So that’s a bunch of memories… but these days, I hear this song differently, because I’m in my mid-sixties and the world is going to hell, and I sometimes think it would be nice to just quit everything, grow a beard, find a beach town, somewhere warm, with some relatively quiet bars and young people around who might enjoy my stories and music, and just be this guy… and who knows, maybe in twenty years I’ll be there, and the kids won’t have heard Buffett’s non-hit album tracks, and I’ll claim I wrote this song about myself and say I want the final words on my tombstone: “Some of it’s magic, some of it’s tragic, but I had a good life all the way.”

 

 

 

Exactly Like You

I don’t remember hearing “Exactly Like You” before I started working with Howard Armstrong, which is strange, because it was a popular standard recorded by pretty much everybody, from Ruth Etting to Aretha Franklin. Be that as it may, I learned it from Howard and still play it the way he taught me, with his chords and at least a couple of his melodic variations — though I don’t include his interpolation, “why should I spend money on an X-rated show or two…”

I knew nothing about the background of this song until I started researching this post, and just learned that it came from the fertile pens of Dorothy Fields and Jimmy McHugh, first appearing in the score of Lew Leslie’s International Revue in 1930, along with “Sunny Side of the Street.” Fields and McHugh were also responsible for “I Can’t Give You Anything But Love,” “I’m in the Mood for Love,” “Don’t Blame Me (for Falling in Love With You” — sense a pattern here? — and hundreds of other songs, together and separately. Fields did words, McHugh did music — his non-Fields hits included “Comin’ In on a Wing and a Prayer,” which I’ve posted about elsewhere, since it was a favorite of the Bahamian guitar master, Joseph Spence; she not only wrote innumerable lyrics, but also teamed up with her brother to supply the “book” for a bunch of Cole Porter shows and Irving Berlin’s Annie Get Your Gun.

I don’t have much else to say about this one.

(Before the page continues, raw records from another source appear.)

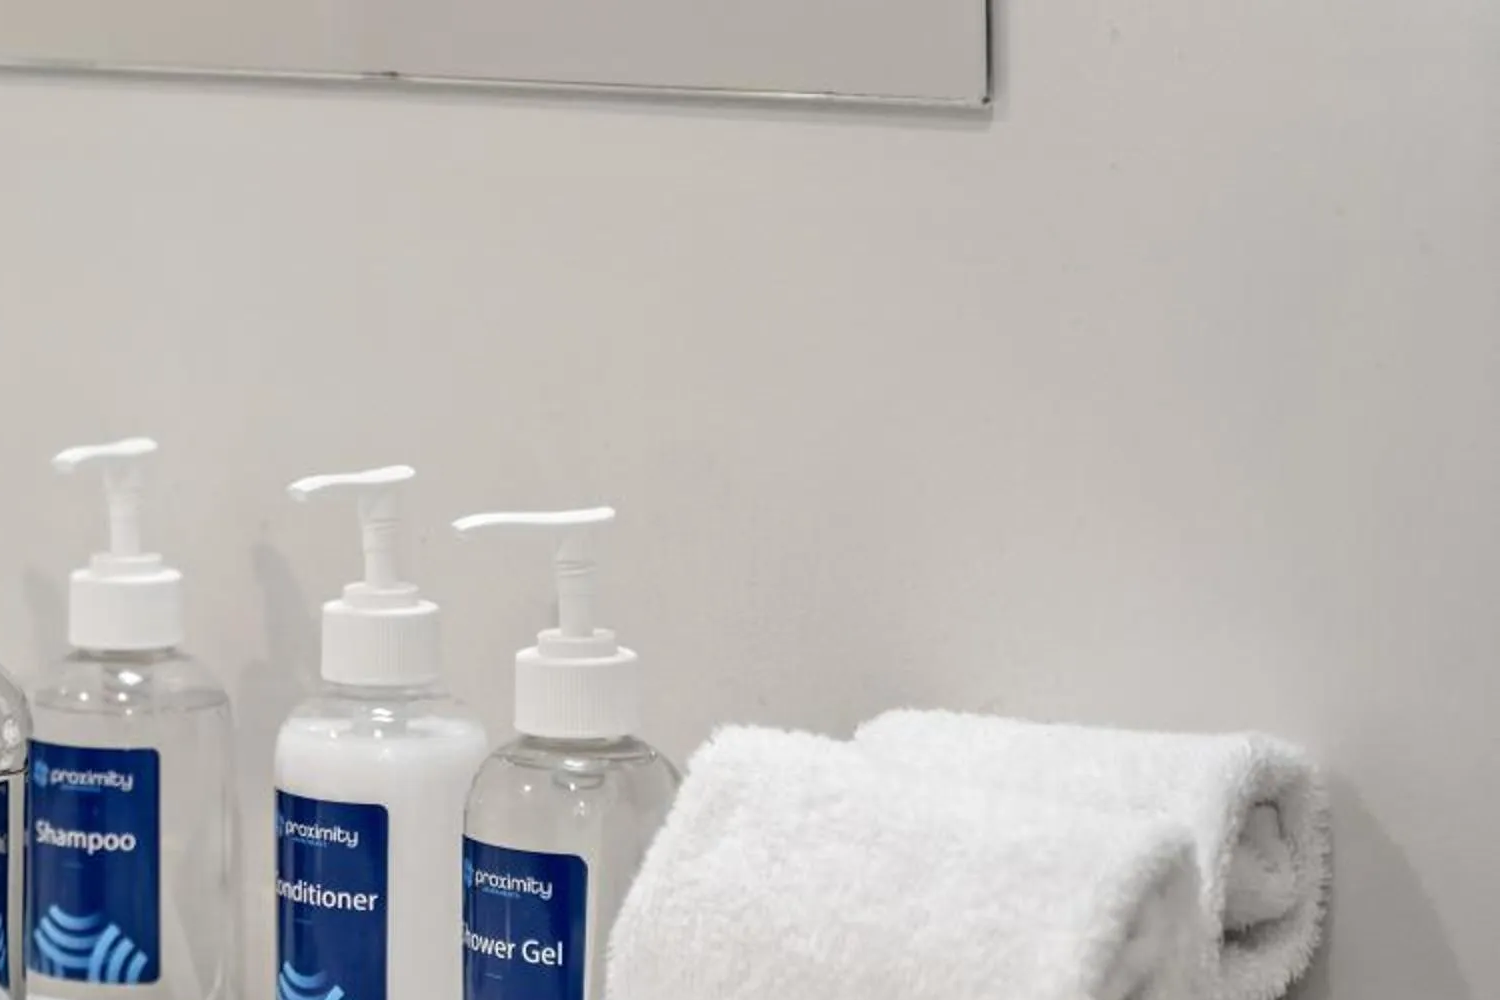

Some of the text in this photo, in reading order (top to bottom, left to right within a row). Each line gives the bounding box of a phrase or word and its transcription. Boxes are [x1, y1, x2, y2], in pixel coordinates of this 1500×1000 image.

[51, 768, 133, 792] proximity
[35, 820, 136, 855] Shampoo
[285, 821, 359, 848] proximity
[276, 879, 379, 911] onditioner
[475, 869, 552, 900] proximity
[463, 922, 563, 966] hower Gel

I played it regularly with Howard, didn’t think about it much after I stopped playing with him, then picked it up again when I started playing with my wife Sandrine on clarinet. I still prefer to play it with Sandrine, but she hates making videos, so I had to work up a solo version — which turned out to be useful, because I came up with the cute work-around at the beginning to get the high A note with the F bass without worrying about playing the full chord, then playing the open E string while dropping down to a regular F shape. Nice little song, nice little trick.

Besos y Copas (Victor Cordero)

I learned “Besos y copas” from the soundtrack album to Chulas Fronteras, Les Blank’s documentary about norteño music, which I’m pretty sure I owned before seeing the film. It was performed by Chavela Ortiz, a fine singer and accordion player, who fronted the San Jose, California, group Brown Express and was married to Eduardo Hernandez of Los Tigres del Norte. She only made a few recordings before dying in a freak accident, bucked off a horse during a photo shoot, and that’s pretty much all I know about her, though I loved the way she did this one.

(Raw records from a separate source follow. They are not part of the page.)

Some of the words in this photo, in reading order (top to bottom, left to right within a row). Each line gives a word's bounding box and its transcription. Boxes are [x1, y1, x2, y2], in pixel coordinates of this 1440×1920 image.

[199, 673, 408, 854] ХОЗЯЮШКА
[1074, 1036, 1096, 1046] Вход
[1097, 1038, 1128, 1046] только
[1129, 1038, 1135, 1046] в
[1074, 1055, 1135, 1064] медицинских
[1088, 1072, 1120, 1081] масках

The lyric is classic ranchera, the lament of a man whose lover is leaving him:

Perdona si te haya molestado
La voz de un hombre honrado que juró no volver.
Besos y copas he pagado, ya todo ha terminado,
No hay nada que perder.

(Forgive me if you have been bothered by the voice of an honorable man who swore never to return. I have paid kisses and drinks, now it is all finished, there is nothing more to lose.)

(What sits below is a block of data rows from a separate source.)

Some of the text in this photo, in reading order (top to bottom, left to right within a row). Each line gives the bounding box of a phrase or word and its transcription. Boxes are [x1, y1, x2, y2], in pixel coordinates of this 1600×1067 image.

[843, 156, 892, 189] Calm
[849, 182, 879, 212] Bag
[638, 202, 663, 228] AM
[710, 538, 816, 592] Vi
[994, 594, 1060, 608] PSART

Until I started researching this post, I had no idea it was written by Victor Cordero, one of the greatest corrido composers of the 20th century and the main influence on Paulino Vargas, Julian Garza, and many of the later masters I wrote about in Narcocorrido.

Cordero was born in 1914 and grew up during the years of the Mexican Revolution — he told a story of trying to run off and join Pancho Villa at age seven, confronting the legendary hero and asking for a horse and a gun before being found and dragged home by his aunt, and of Villa commending him, saying, “Don’t worry, ma’am, your son has such valor that he will surely become a great Mexican.” (Along with writing songs, Cordero produced a lushly entertaining autobiography for the Mexican Society of Authors and Composers, which I recommend to anyone who can read Spanish.)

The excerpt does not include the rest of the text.